Une carte blanche de Claude Bottamedi, Chef de corps e.r., sociologue.

Sous le titre accrocheur de "Comment contrôler le ‘contrôle au faciès’", une proposition de loi d’Ecolo visant à imposer l’enregistrement des contrôles d’identité par la police était récemment relayée par le quotidien Le Soir. L’objectif de l’initiative est de contrôler cette pratique et d’interdire le profilage ethnique. À cela, un directeur d’académie de police répondait que la législation est suffisante et il prônait "d’augmenter tous les concepts en matière de proximité". Qu’en penser ?

Il convient d’abord d’admettre que, légalement justifiés ou non, les contrôles d’identité sont à l’origine de nombreuses tensions entre la police et la population. Rappelons aussi que la légitimité de la police réside notamment dans le fait qu’elle est au service de celle-ci, de toutes ses composantes sans exception. Enfin, meilleures sont les relations entre la population et la police, plus cette dernière est efficace et légitime.
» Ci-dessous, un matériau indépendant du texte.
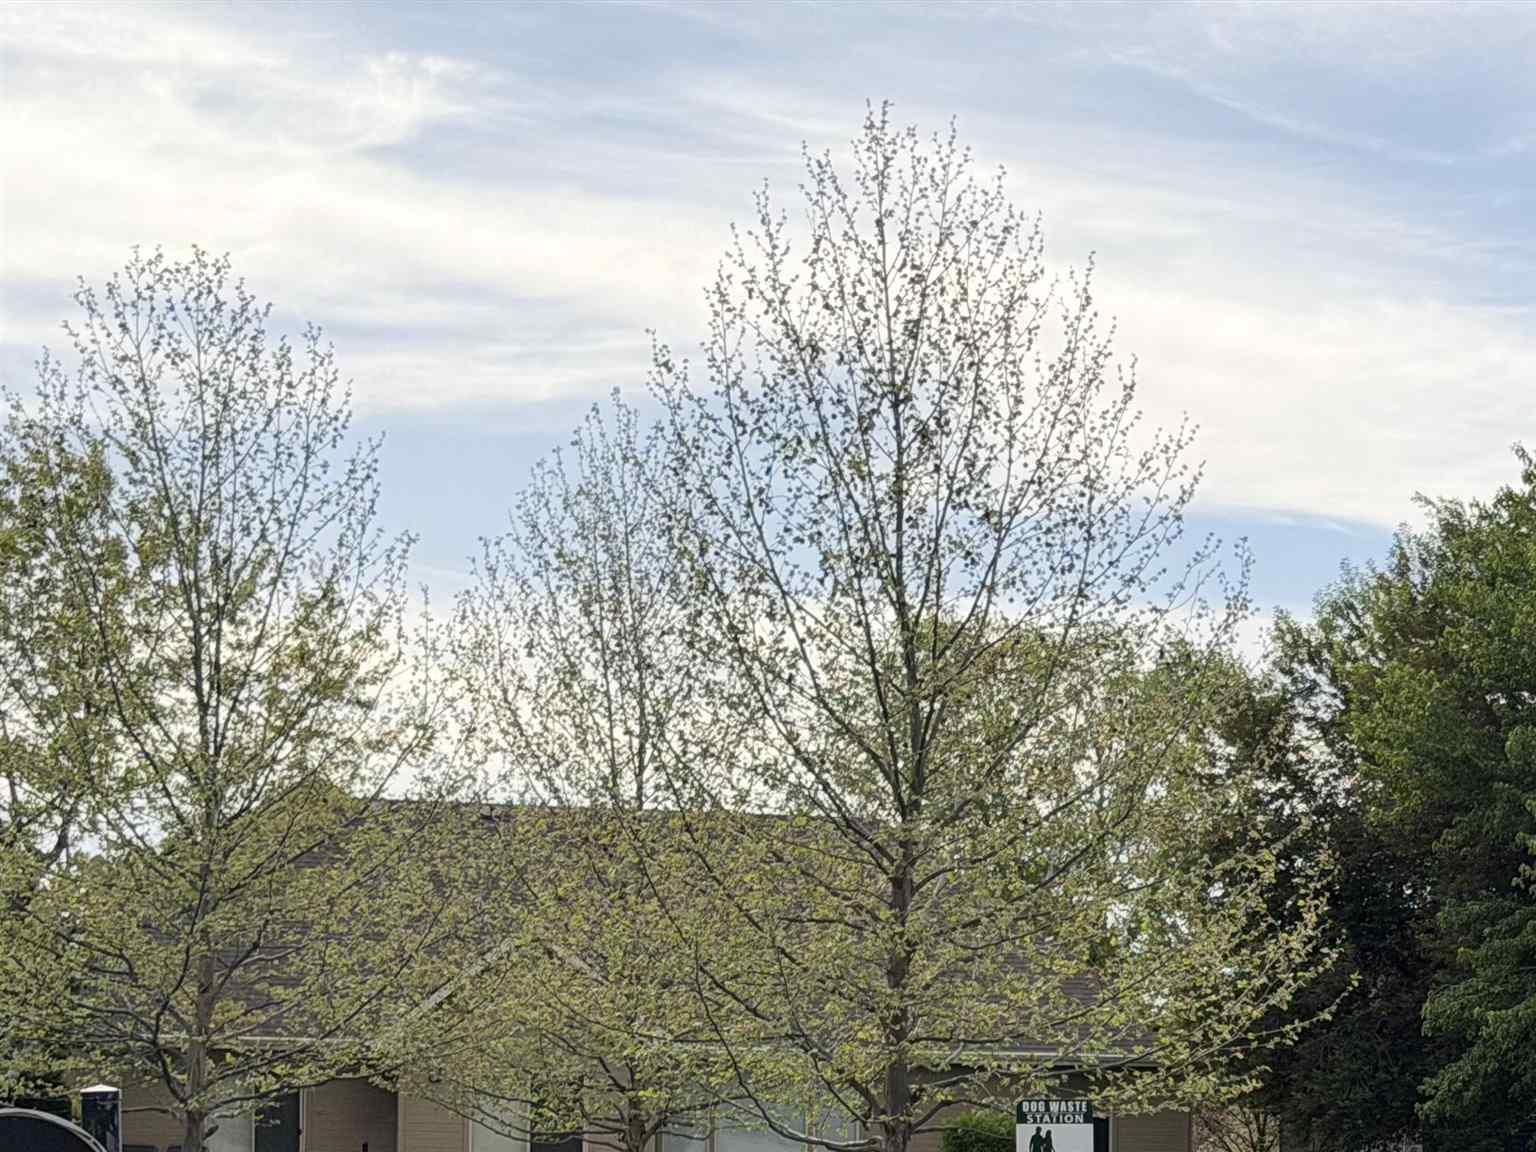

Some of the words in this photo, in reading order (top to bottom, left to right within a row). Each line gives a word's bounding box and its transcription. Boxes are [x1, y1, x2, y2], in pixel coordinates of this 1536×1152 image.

Pour dépasser les lieux communs, on peut mobiliser les résultats de quelques recherches qui débouchent sur des observations relativement unanimes, et notamment :

  • "… une bonne part de l’activité du policier ne consiste pas directement à faire appliquer la loi mais bien à contraindre les gens dont il s’occupe à le respecter lui-même."(Becker) (2) ;

  • la probabilité de faire l’objet d’un contrôle d’identité est notablement plus élevée pour les hommes jeunes, plutôt d’origine magrébine ou de couleur noire (jusqu’à 3 à 4 fois) ;

  • l’apparence de la personne, plus particulièrement son habillement, alourdirait la probabilité d’être contrôlé ;

  • les contrôles d’identité sont peu efficaces en matière de lutte contre les crimes et délits et, selon les études, à peine 8 % des contrôles entraîneraient une mesure particulière ;

  • malgré les difficultés méthodologiques, le plus grand doute subsiste quant à leur effet préventif ;

  • nombre de contrôles, appelés "contrôles-éviction", visent à dégager des "indésirables" d’un espace public.
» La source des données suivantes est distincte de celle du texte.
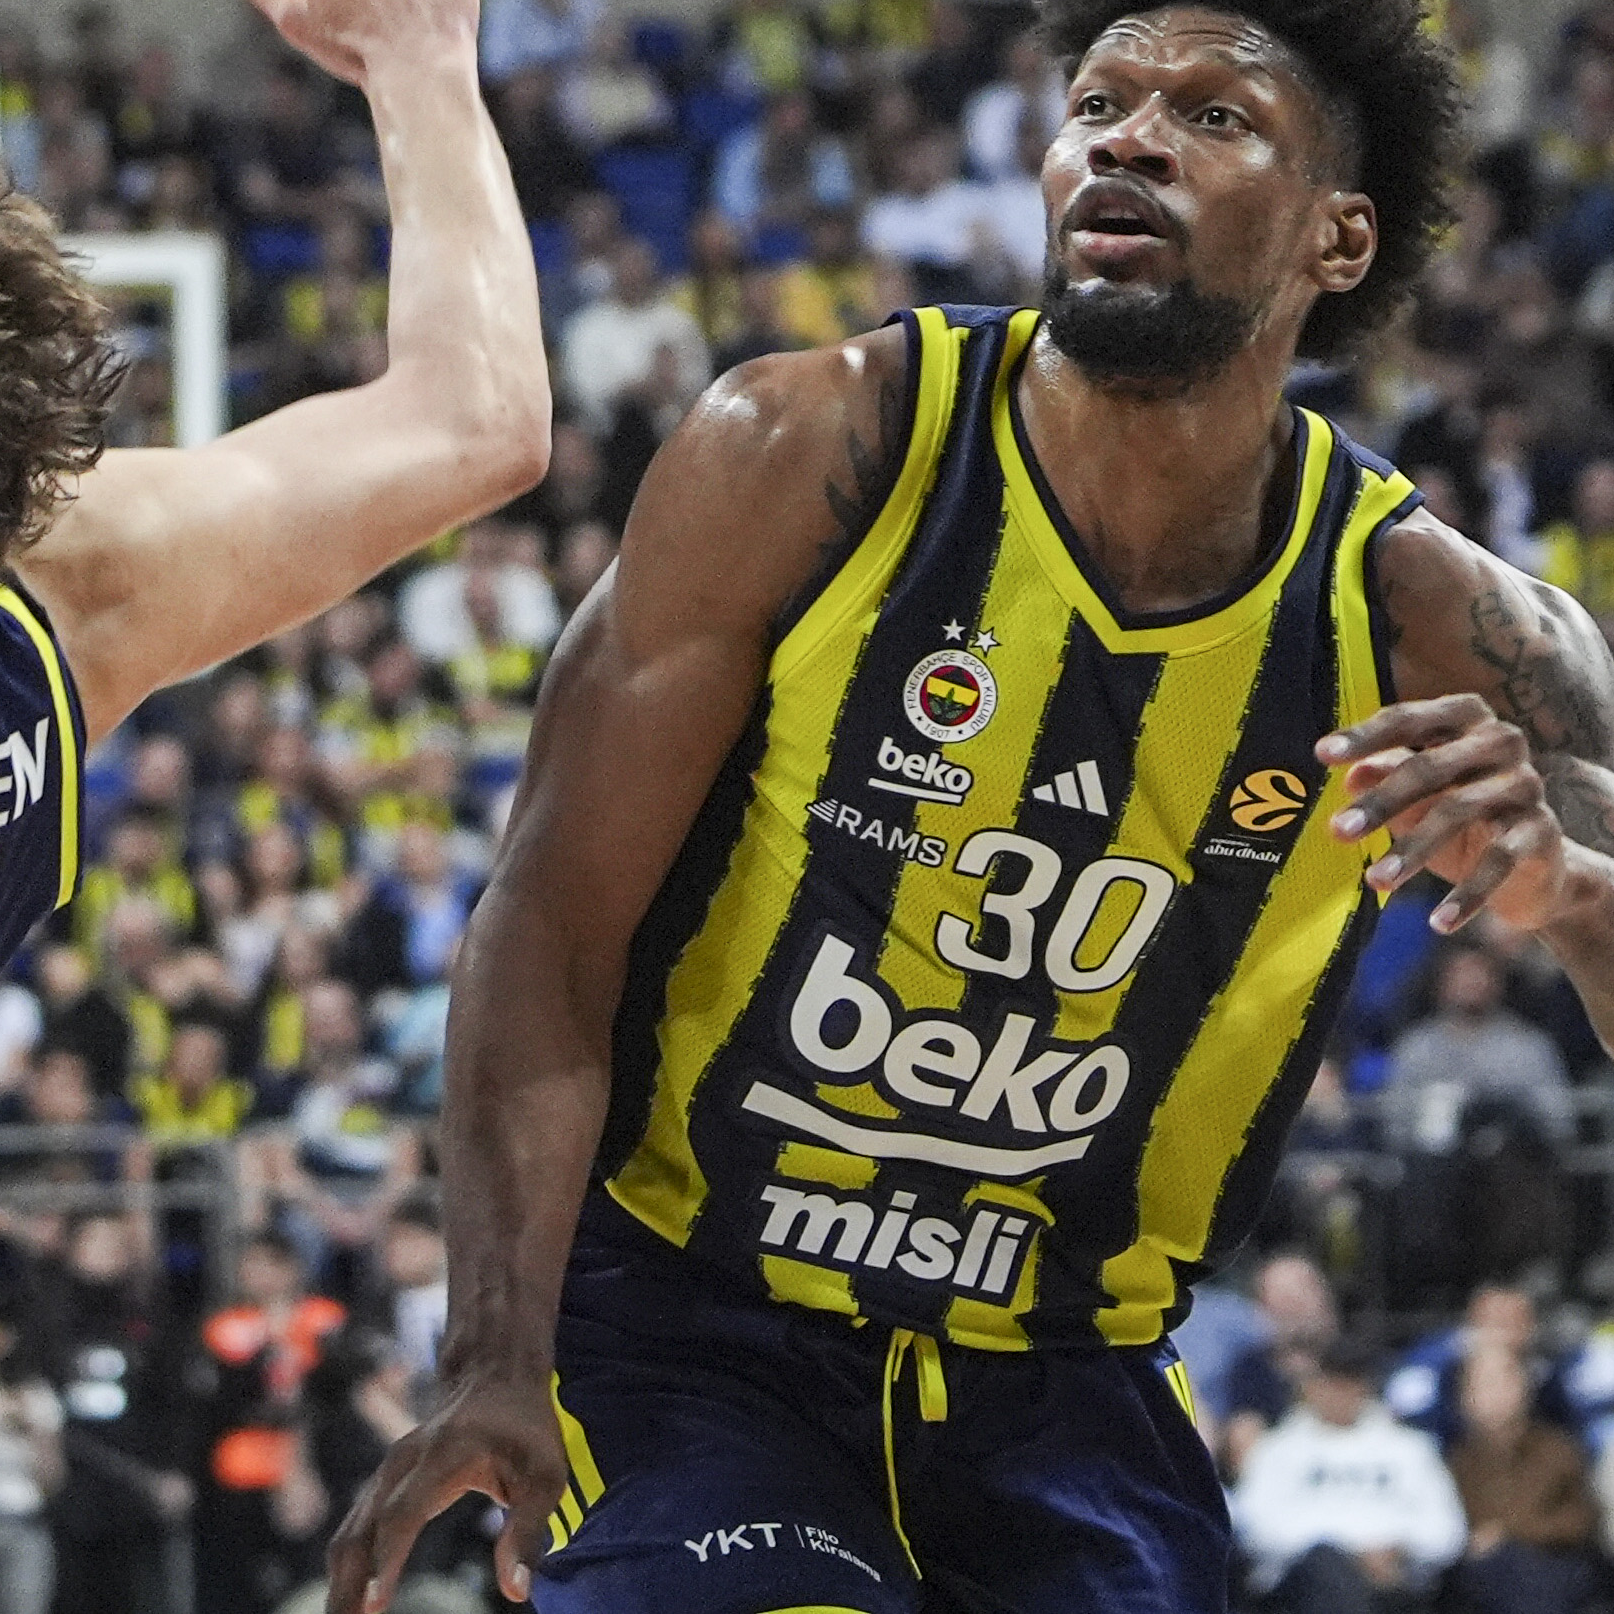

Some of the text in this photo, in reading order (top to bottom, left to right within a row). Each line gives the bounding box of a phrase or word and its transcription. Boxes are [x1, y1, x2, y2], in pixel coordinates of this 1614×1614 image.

Malheureusement, ces travaux ont pour la plupart été réalisés à l’étranger, ce qui n’en vide pas leur intérêt mais invite certainement nos autorités à mieux subventionner la recherche sur le sujet. Dans une démocratie, il est indispensable de constituer un savoir sur la police.

Si un contrôle d’identité est un acte administratif banal pour un policier, pour la personne concernée, son identité relève de son intime. Par un contrôle, elle n’est plus le citoyen lambda, l’anonyme dans la rue, mais un objet d’attention. Et cette attention est questionnée en terme de motivation. Puisqu’un contrôle doit être justifié légalement, il transforme de facto, même pour un instant, le sujet en suspect, il le stigmatise.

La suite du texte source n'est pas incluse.